This is our third year of hunting eggs and are third place in the world. Kenley’s first egg hunt was at a little church in Redmond, WA. We had some friends with us, the kids were great, and she had a wonderful time. It wasn’t your typical Seattle area day at all. Warm and sunny, it was probably the best egg hunt we have had. Kenley had us hide eggs at home for months after.
Our second hunt was west of St. Louis, MO in a small, but wealthy town called Lake St. Louis. It took place in a public park and was ran by the city. Every kid who participated got to choose an egg basket and Kenley chose one with Lightning McQueen. This was well before her sudden and “sad” turn to princesses.
The things that made both of these two egg hunts such a success was the style of the hunt and the parents and their respect for the people putting the hunt on.
This year, we attended an egg hunt in our new area of Chattanooga, TN. The place was packed and the people putting the hunt on were amazing. We had been to events at this place before, so we knew that it would be a great time. Yet, the two factors that worked so well in the hunts of the past were missing and this caused our hunt this year to fall short.
When we arrived at the hunt, the 0-3 year old kids were already in the game. This was no big deal, there were a ton of eggs. Kenley and I took the field and she started to grab anything she could get her hands on. At first, things were going great, then she stopped and popped an egg open. There was nothing inside. She looked perplexed for a moment, but was not dismayed. She picked up another egg and popped it open as well. Again, there was nothing.
“Daddy,” She said. “These eggs have all been emptied.”
This is when a nice lady stopped by to tell us that the only eggs that had anything in them were the Prize eggs.
Of course, we were not there for prizes, but we were at least hoping for some candy, stickers, or stamps. Maybe even a temporary tattoo.

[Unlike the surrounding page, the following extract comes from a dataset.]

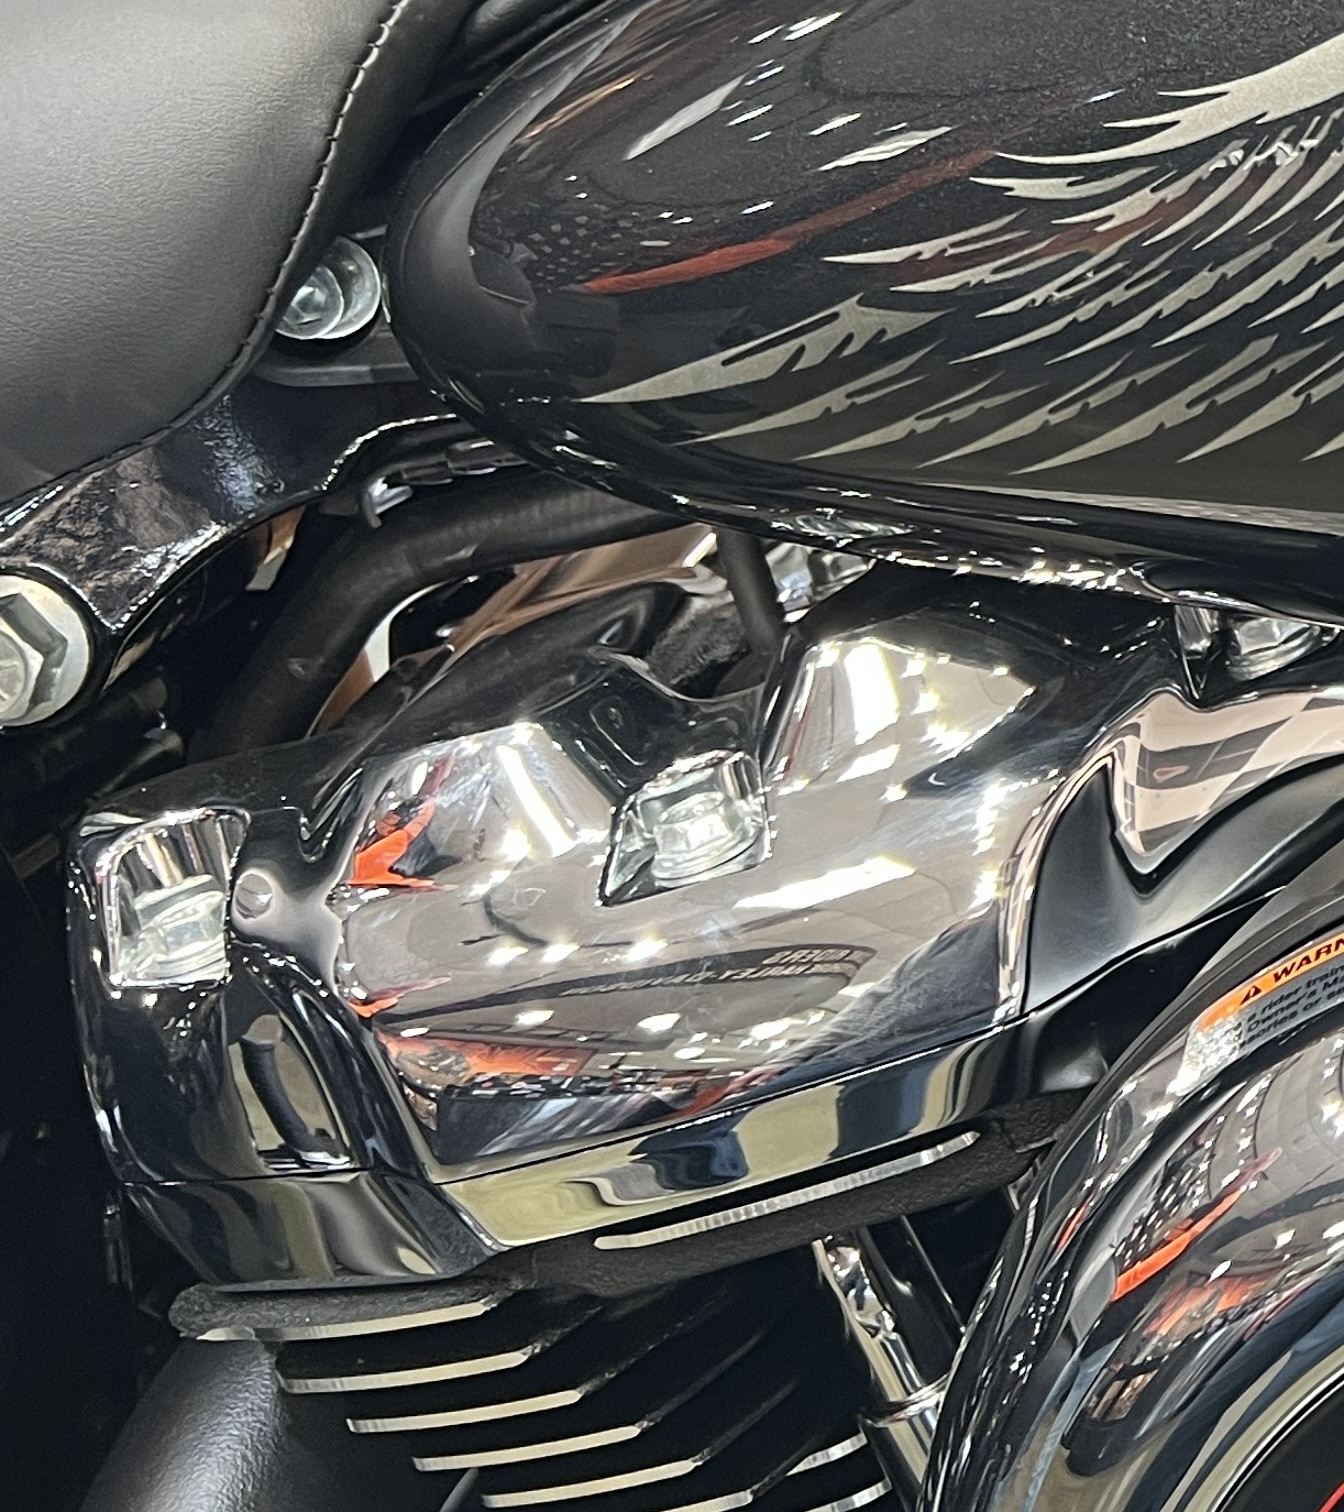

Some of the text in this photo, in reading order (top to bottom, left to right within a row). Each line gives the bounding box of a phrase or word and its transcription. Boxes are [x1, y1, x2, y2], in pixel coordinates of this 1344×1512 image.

[1246, 988, 1318, 1033] Owner's
[1260, 985, 1303, 1015] rider
[1301, 996, 1323, 1013] or

Since we weren’t getting anything at the 0-3, I asked Kenley if she wanted to wait until the next hunt and she agreed. We moved to where the 4-6 year old were preparing and waited for the call.
The fence was dropped and we moved quickly in to grab up our loot. Kenley grabbed pink eggs, purple eggs, blue eggs, and yellow. Her basket filled quickly and there were still eggs everywhere.
That’s when I noticed something. No one was picking up eggs. Kids and, more annoying, their parents, were walking through the field kicking and shifting eggs to see what was inside them. They used the sun or a quick shake to see if there was a slip of paper indicating a prize. If not, they threw the egg back to the ground and moved on.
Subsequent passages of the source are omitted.